In the East Texas town of Tenaha, one notoriously flagrant civil forfeiture involved police stopping out-of-town drivers on flimsy pretexts, searching their cars for anything of value – cellphones, DVD players, cash – and confiscating the property, without charging anyone with a crime. The seized assets were sold to buy new equipment and pay bonuses for police.
But Tenaha is not an outlier. According to the Texas Tribune, in 2017 alone, Texas law enforcement agencies and prosecutors padded their accounts by more than $50 million, seizing trucks and cars, jewelry and cash – anything they could claim was linked to a crime. The burden of showing it wasn’t connected to a crime fell to the original property owner.
The Supreme Court’s unanimous ruling came in the case of a small-time drug offender whose $42,000 Land Rover was seized by police. He had purchased the car with proceeds from his father’s life insurance policy, not with money from selling drugs.
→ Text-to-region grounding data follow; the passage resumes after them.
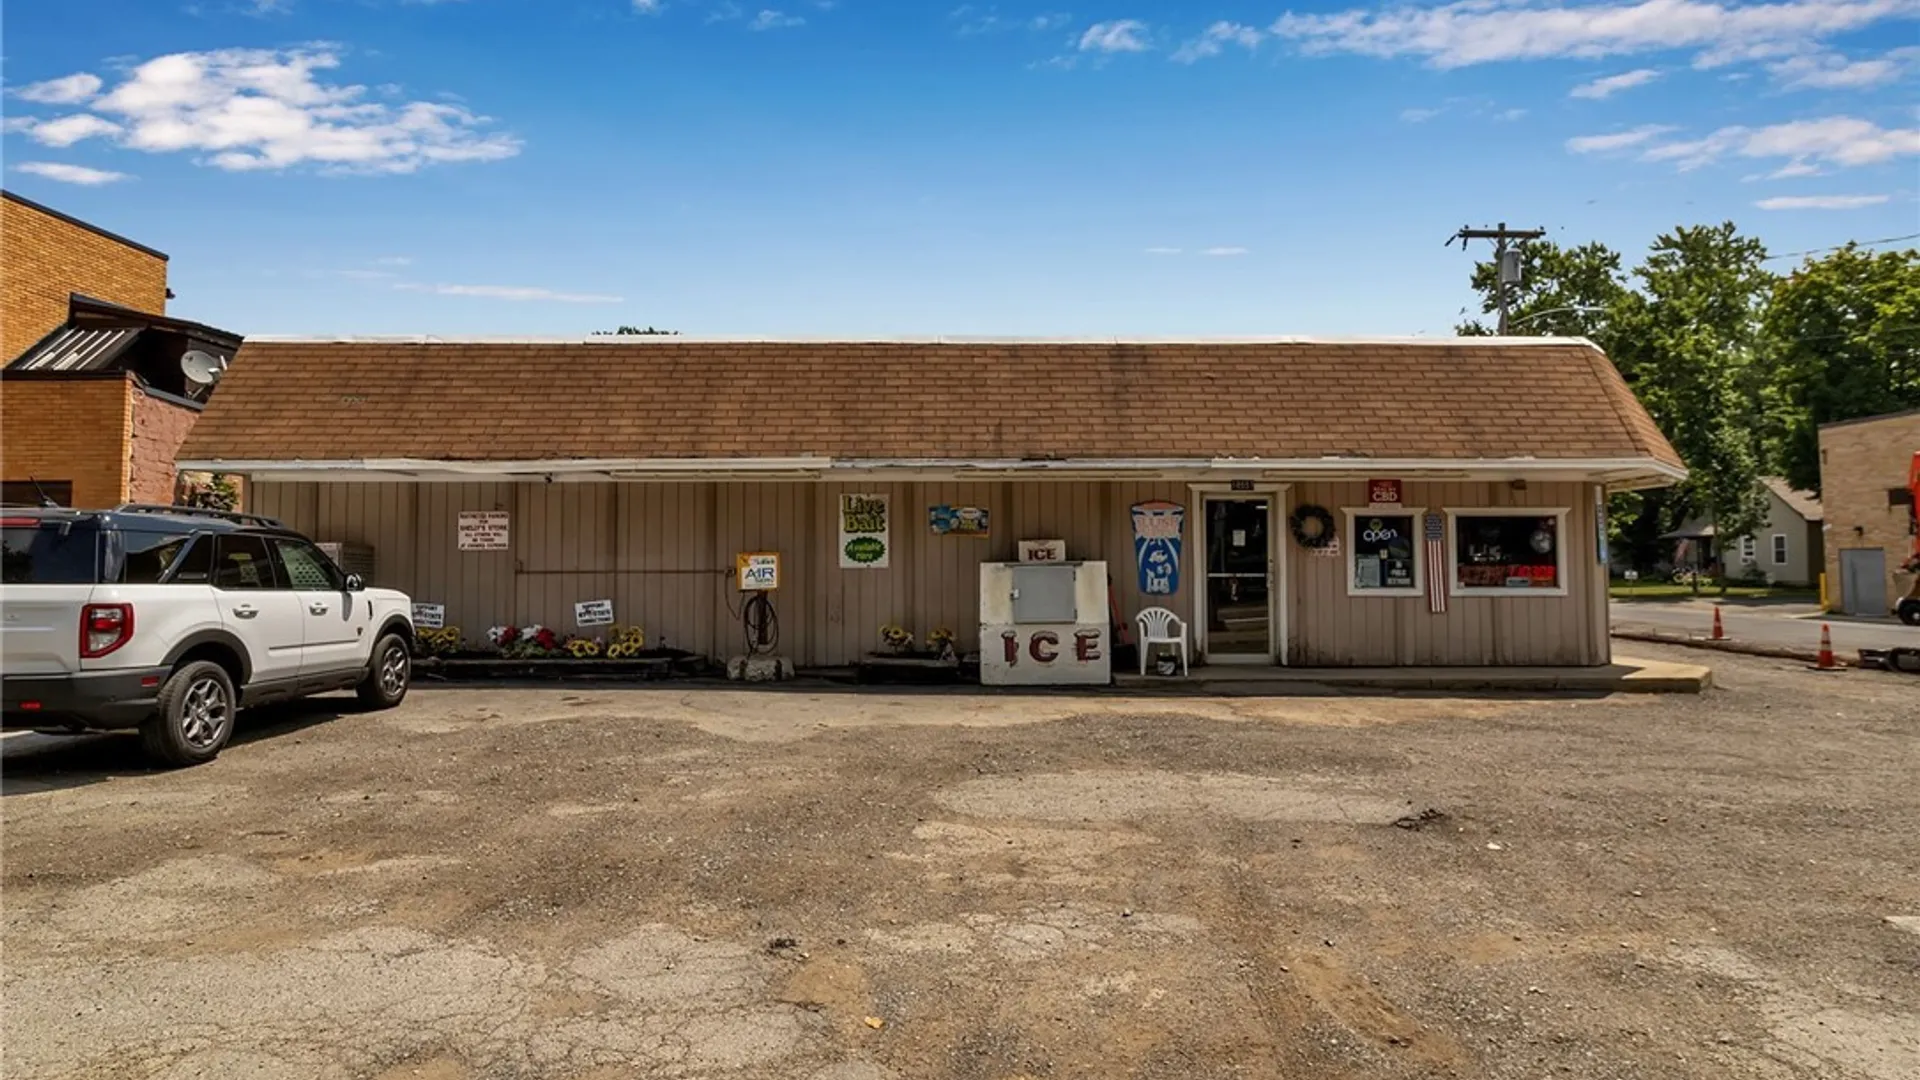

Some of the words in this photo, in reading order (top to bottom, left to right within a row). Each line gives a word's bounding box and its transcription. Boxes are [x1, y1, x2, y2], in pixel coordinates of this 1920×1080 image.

[1372, 491, 1398, 501] CBD
[842, 495, 885, 514] Live
[843, 513, 886, 533] Bait
[1028, 549, 1057, 561] ICE
[744, 567, 775, 579] AIR
[1001, 629, 1102, 668] ICE
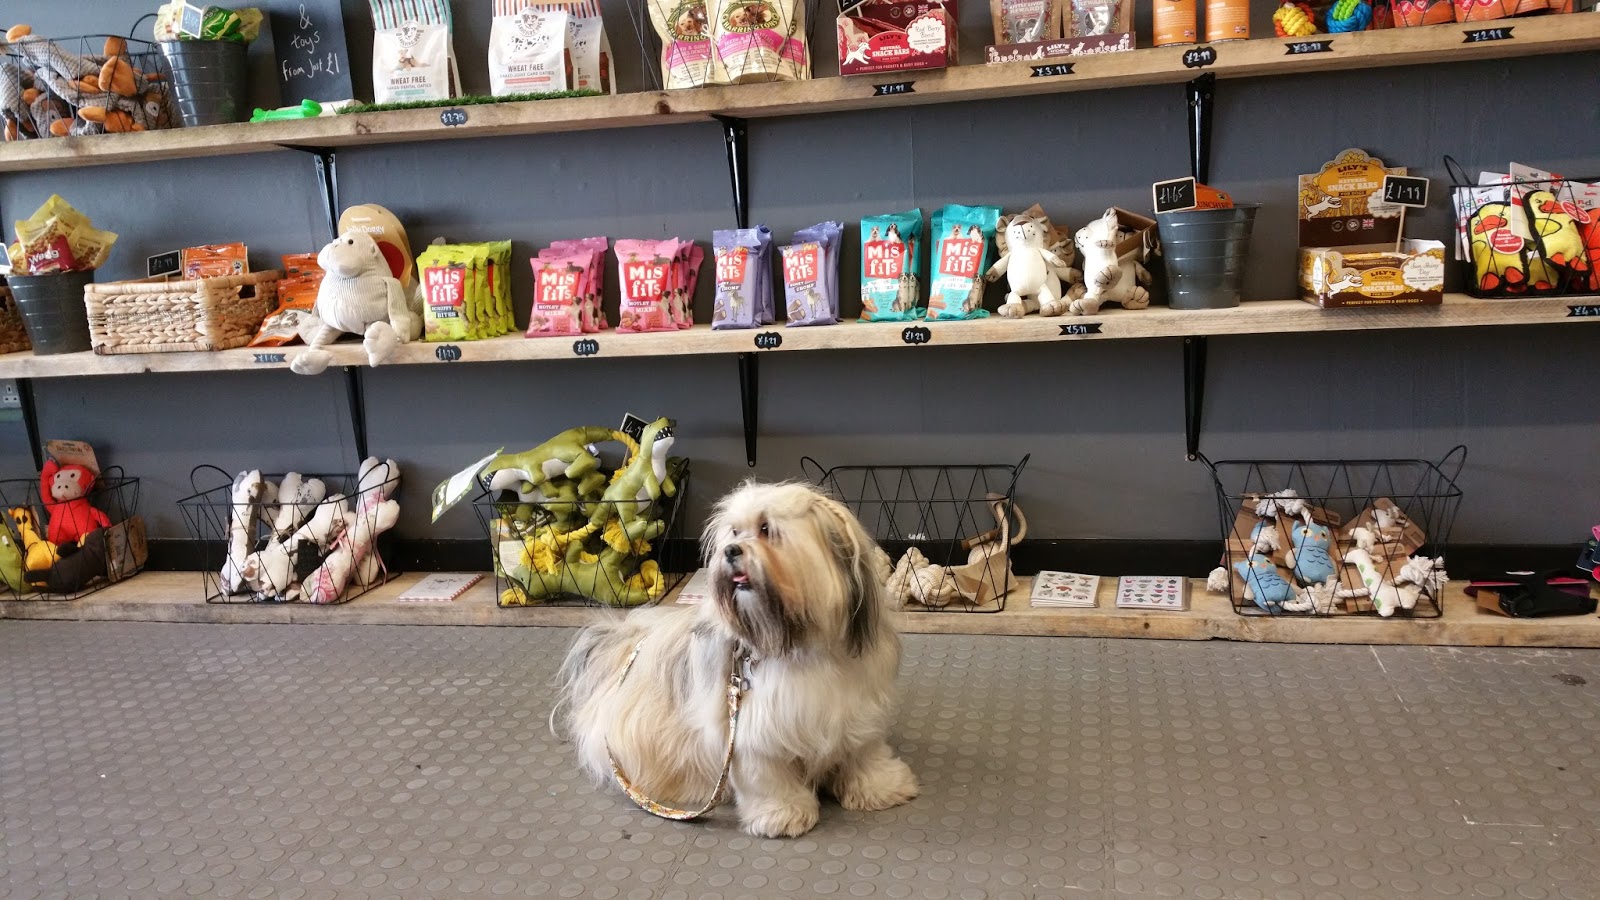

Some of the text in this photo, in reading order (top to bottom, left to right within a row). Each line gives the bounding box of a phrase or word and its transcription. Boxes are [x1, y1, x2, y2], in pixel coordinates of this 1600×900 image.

Lynne Rambo, professor of law at the Texas A&M University School of Law, says the court’s ruling didn’t specifically say the plaintiff could get his car back, but it “entered a judgment that is markedly in favor of the idea that he could get it back,” Rambo says.
The decision applies the Eighth Amendment’s prohibition against excessive fines to states. It has previously been applied only to the federal government, though all states already have excessive-fine provisions of their own.
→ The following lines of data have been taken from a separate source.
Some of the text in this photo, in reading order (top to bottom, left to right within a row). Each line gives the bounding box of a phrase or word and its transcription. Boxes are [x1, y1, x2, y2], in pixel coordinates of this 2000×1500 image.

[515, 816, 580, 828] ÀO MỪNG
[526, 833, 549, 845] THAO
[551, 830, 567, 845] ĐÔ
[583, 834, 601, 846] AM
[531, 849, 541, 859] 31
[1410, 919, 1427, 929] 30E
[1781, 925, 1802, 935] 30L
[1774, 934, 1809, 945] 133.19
“[The decision] expands Supreme Court law, which applies the excessive-fines clause to forfeiture provisions to states now,” Rambo says. “So they have to start paying attention to whether their civil forfeiture provisions can be considered excessive fines.”
A report from the Texas attorney general’s office says that in 11 Texas counties between 2011 and 2013, police departments used funds raised through civil forfeiture to buy over $41 million worth of equipment, and pay for $20 million in salaries and overtime and $6 million on facility costs. Rambo says the Supreme Court’s ruling doesn’t put a stop to all forfeitures, or the spending of money raised for police purposes.
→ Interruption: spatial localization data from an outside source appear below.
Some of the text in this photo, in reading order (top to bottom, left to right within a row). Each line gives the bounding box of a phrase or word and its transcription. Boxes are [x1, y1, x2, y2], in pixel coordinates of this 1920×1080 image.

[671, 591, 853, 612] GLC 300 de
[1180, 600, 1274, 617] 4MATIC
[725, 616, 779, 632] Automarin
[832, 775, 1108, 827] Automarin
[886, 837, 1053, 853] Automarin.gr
“The issue now will be for every civil forfeiture, whether or not that forfeiture is punitive in nature. And if it’s at all punitive, there will have to be a proportionality analysis with respect to the forfeiture,” Rambo says.
Property owners will still need to prove their property was seized improperly. Rambo says the Eighth Amendment to the Constitution doesn’t provide protection; it will be up to state legislatures to address that issue.
Written by Shelly Brisbin.
Note: A previous version of this post stated that civil forfeiture applies to people convicted of crimes. Those who are arrested by police have been subject to forfeiture, even if not convicted.